• Data for review:

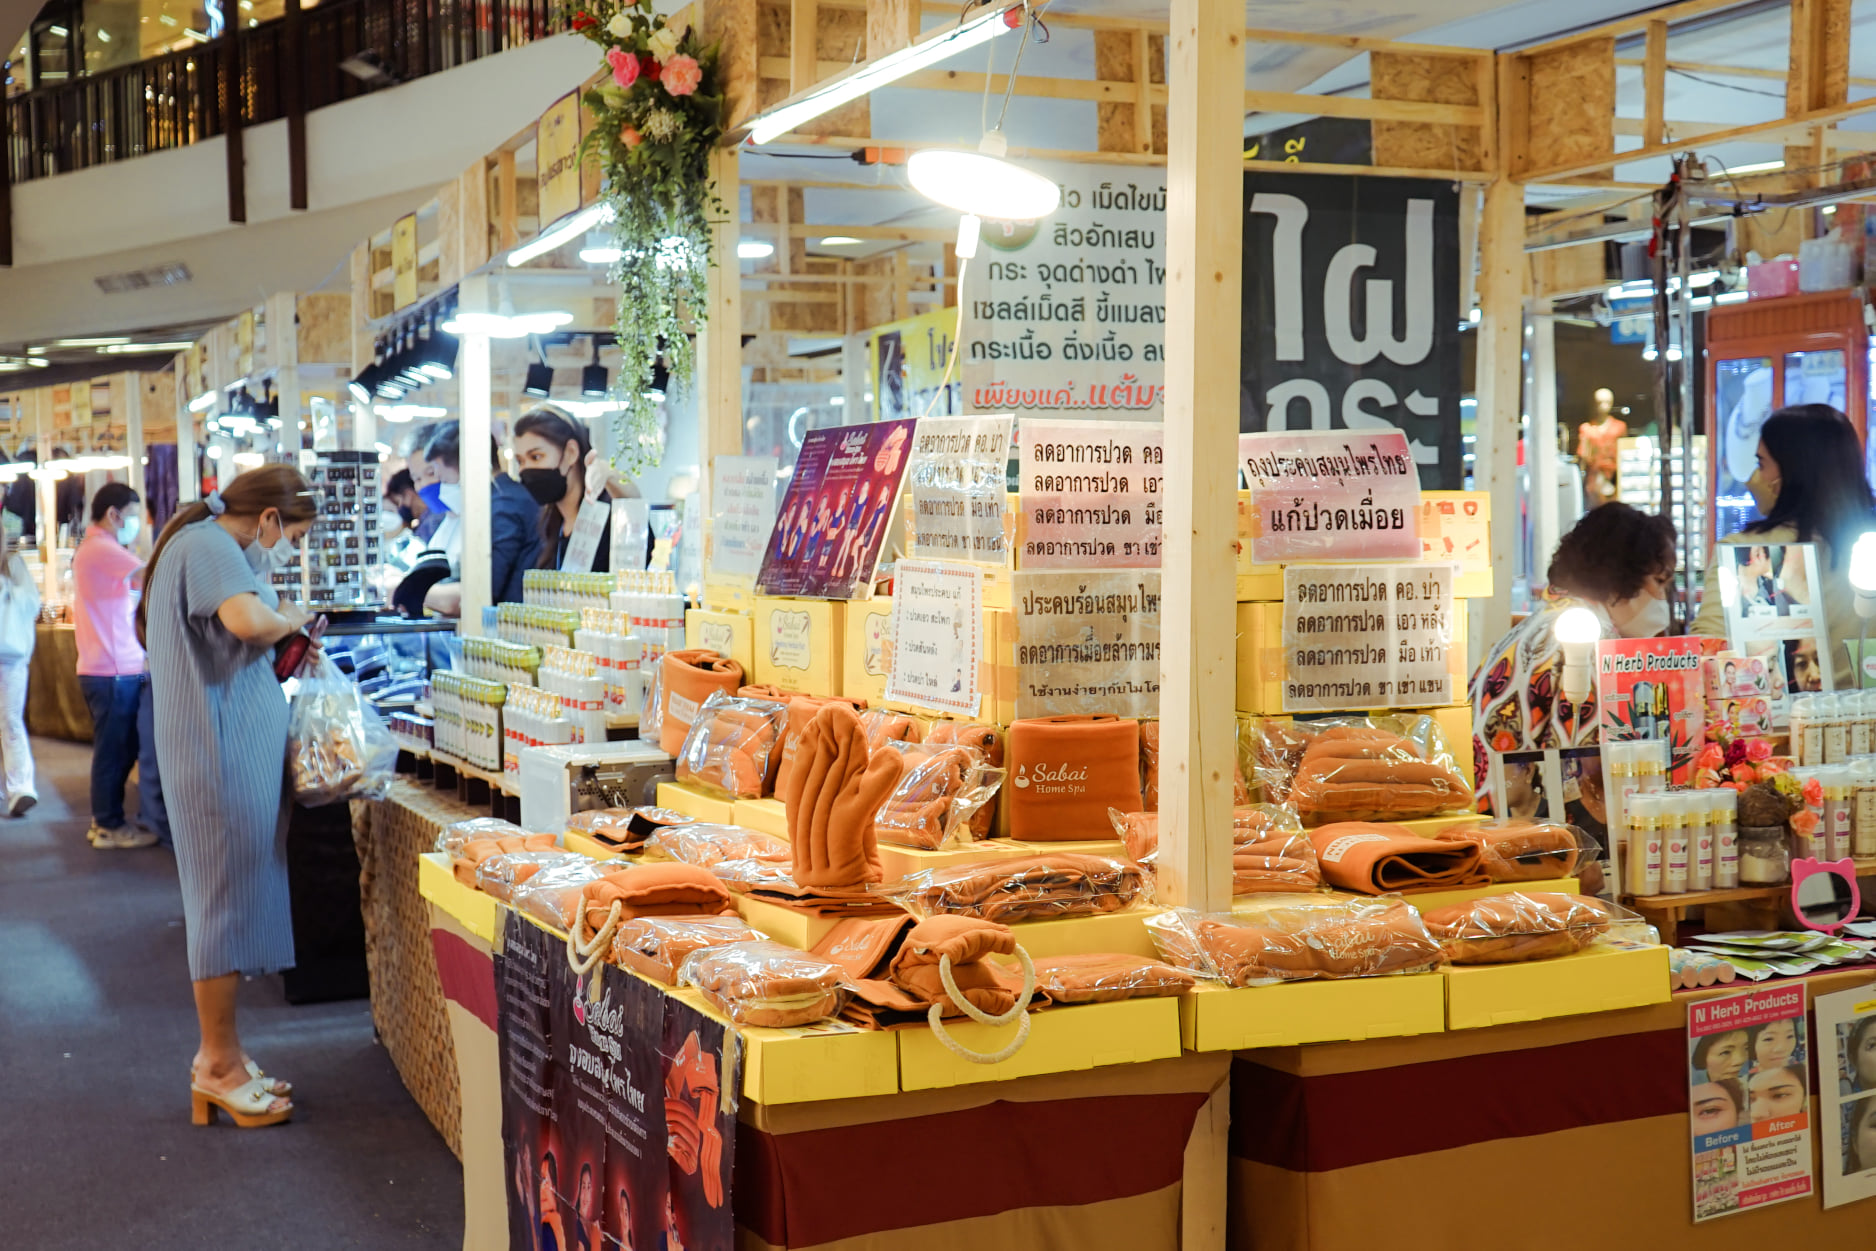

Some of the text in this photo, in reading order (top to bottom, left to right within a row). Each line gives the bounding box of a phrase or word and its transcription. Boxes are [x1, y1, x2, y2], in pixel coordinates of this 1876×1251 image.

[1054, 222, 1155, 249] สิวอักเสบ
[989, 262, 1028, 281] กระ
[1037, 258, 1137, 290] จุดด่างดำ
[1249, 192, 1435, 365] ไฝ
[973, 294, 1085, 322] เซลล์เม็ดสี
[971, 329, 1052, 360] กระเนื้อ
[1063, 329, 1133, 362] ติ่งเนื้อ
[1034, 440, 1132, 464] ลดอาการปวด
[1247, 444, 1408, 488] ถุงประคบสมุนไพรไทย
[1034, 472, 1129, 493] ลดอาการปวด
[1035, 505, 1131, 525] ลดอาการปวด
[1271, 488, 1404, 532] แก้ปวดเมื่อย
[1026, 538, 1115, 556] ลดอาการปวด
[1298, 576, 1387, 602] ลดอาการปวด
[1422, 572, 1441, 600] บ่า
[1022, 584, 1161, 623] ประคบร้อนสมุนไพ
[1296, 609, 1385, 633] ลดอาการปวด
[1397, 613, 1417, 631] เอว
[1296, 639, 1441, 666] ลดอาการปวด มือ เท้า
[1603, 650, 1698, 672] N Herb Products
[1288, 673, 1443, 698] ลดอาการปวด ขา เข่า แขน
[1032, 762, 1089, 783] Sabai
[1036, 784, 1086, 797] Home Spa
[1695, 1008, 1706, 1023] N
[1711, 1002, 1740, 1020] Herb
[1745, 993, 1799, 1014] Products
[1705, 1132, 1739, 1147] Before
[1769, 1120, 1796, 1133] After
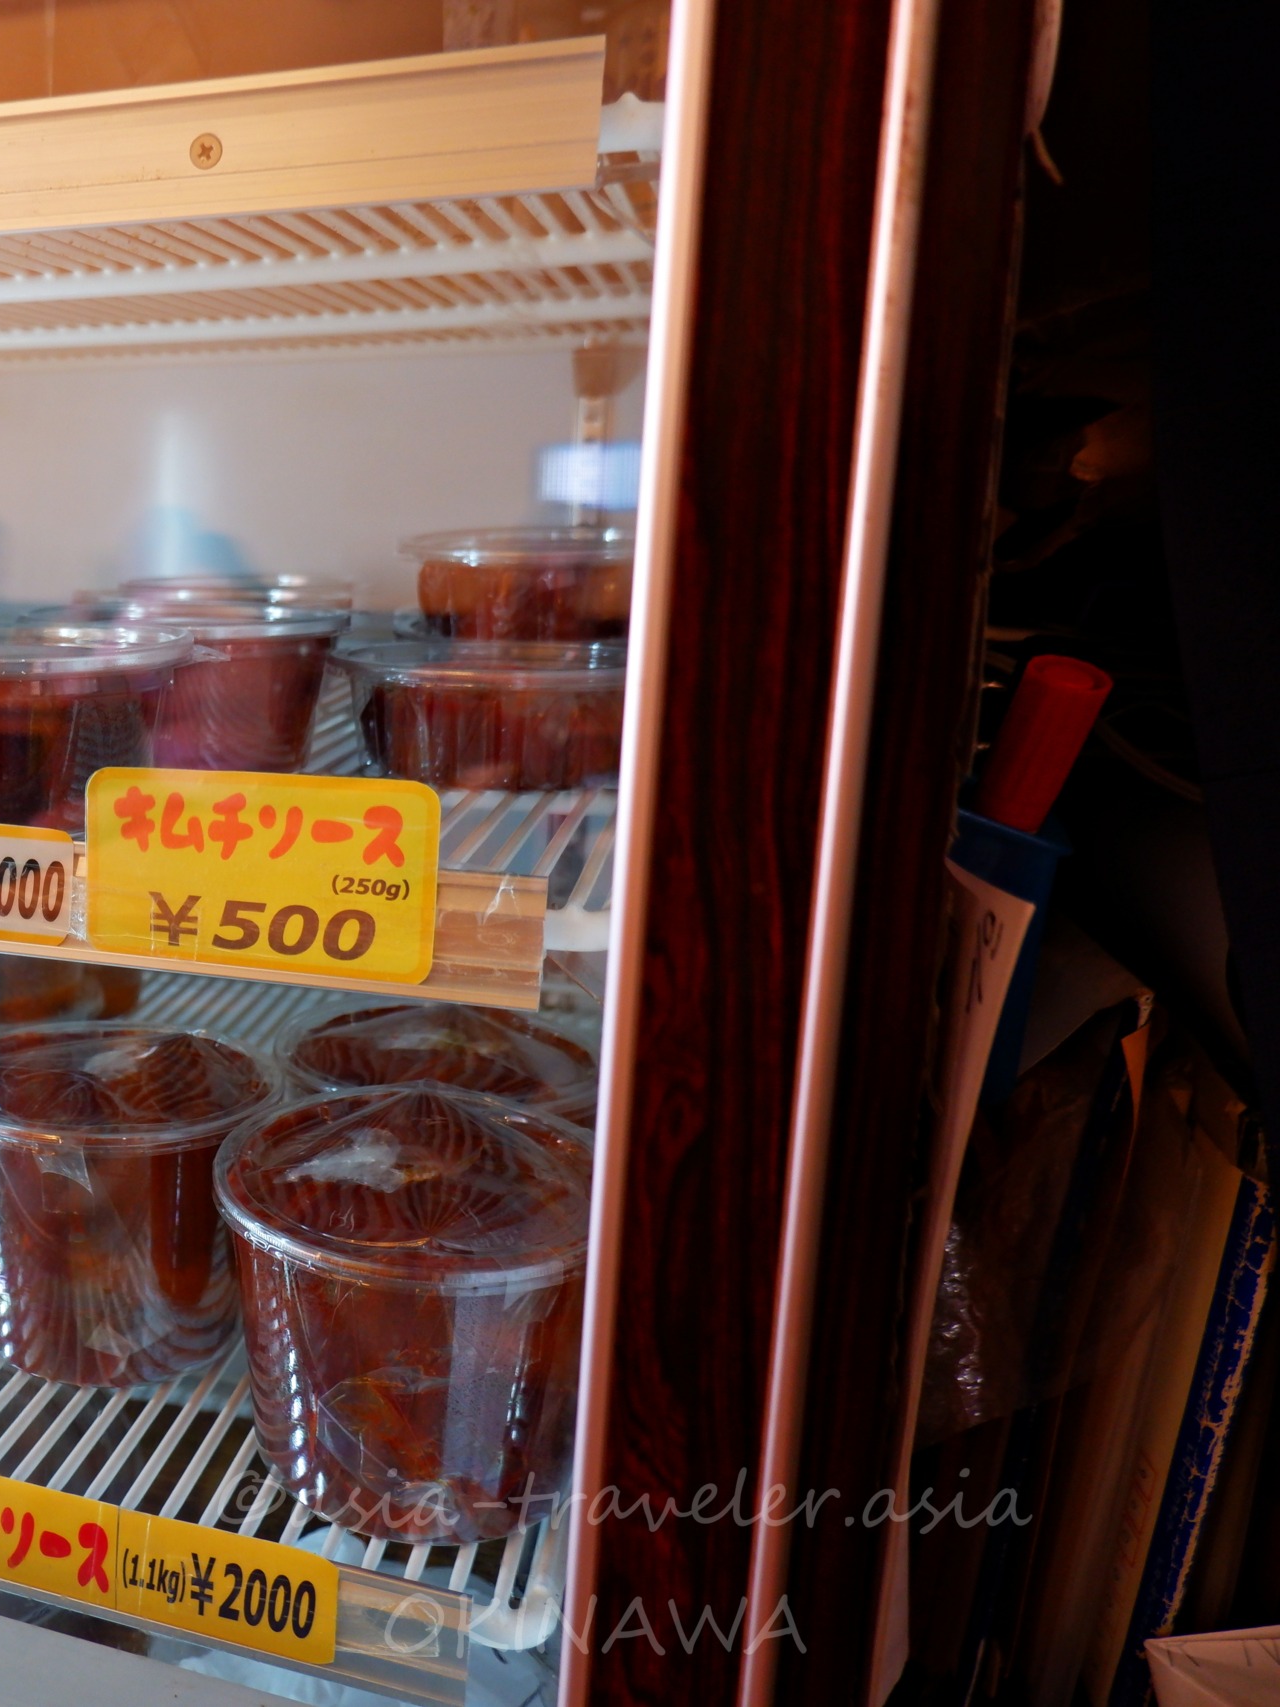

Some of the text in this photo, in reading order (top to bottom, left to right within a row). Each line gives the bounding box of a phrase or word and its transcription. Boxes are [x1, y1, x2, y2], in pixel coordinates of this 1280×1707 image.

• Task to complete: Nothing but an exact transcription of the material, without pictures, should be returned.

• Task response:
Some of the text in this photo, in reading order (top to bottom, left to right within a row). Each line gives the bounding box of a phrase or word and its transcription. Boxes are [x1, y1, x2, y2], in pixel coordinates of this 1876×1251 image.

[1054, 222, 1155, 249] สิวอักเสบ
[989, 262, 1028, 281] กระ
[1037, 258, 1137, 290] จุดด่างดำ
[1249, 192, 1435, 365] ไฝ
[973, 294, 1085, 322] เซลล์เม็ดสี
[971, 329, 1052, 360] กระเนื้อ
[1063, 329, 1133, 362] ติ่งเนื้อ
[1034, 440, 1132, 464] ลดอาการปวด
[1247, 444, 1408, 488] ถุงประคบสมุนไพรไทย
[1034, 472, 1129, 493] ลดอาการปวด
[1035, 505, 1131, 525] ลดอาการปวด
[1271, 488, 1404, 532] แก้ปวดเมื่อย
[1026, 538, 1115, 556] ลดอาการปวด
[1298, 576, 1387, 602] ลดอาการปวด
[1422, 572, 1441, 600] บ่า
[1022, 584, 1161, 623] ประคบร้อนสมุนไพ
[1296, 609, 1385, 633] ลดอาการปวด
[1397, 613, 1417, 631] เอว
[1296, 639, 1441, 666] ลดอาการปวด มือ เท้า
[1603, 650, 1698, 672] N Herb Products
[1288, 673, 1443, 698] ลดอาการปวด ขา เข่า แขน
[1032, 762, 1089, 783] Sabai
[1036, 784, 1086, 797] Home Spa
[1695, 1008, 1706, 1023] N
[1711, 1002, 1740, 1020] Herb
[1745, 993, 1799, 1014] Products
[1705, 1132, 1739, 1147] Before
[1769, 1120, 1796, 1133] After

Some of the text in this photo, in reading order (top to bottom, left to right within a row). Each line gives the bounding box of a phrase or word and its transcription. Boxes are [x1, y1, x2, y2], in pixel coordinates of this 1280×1707 image.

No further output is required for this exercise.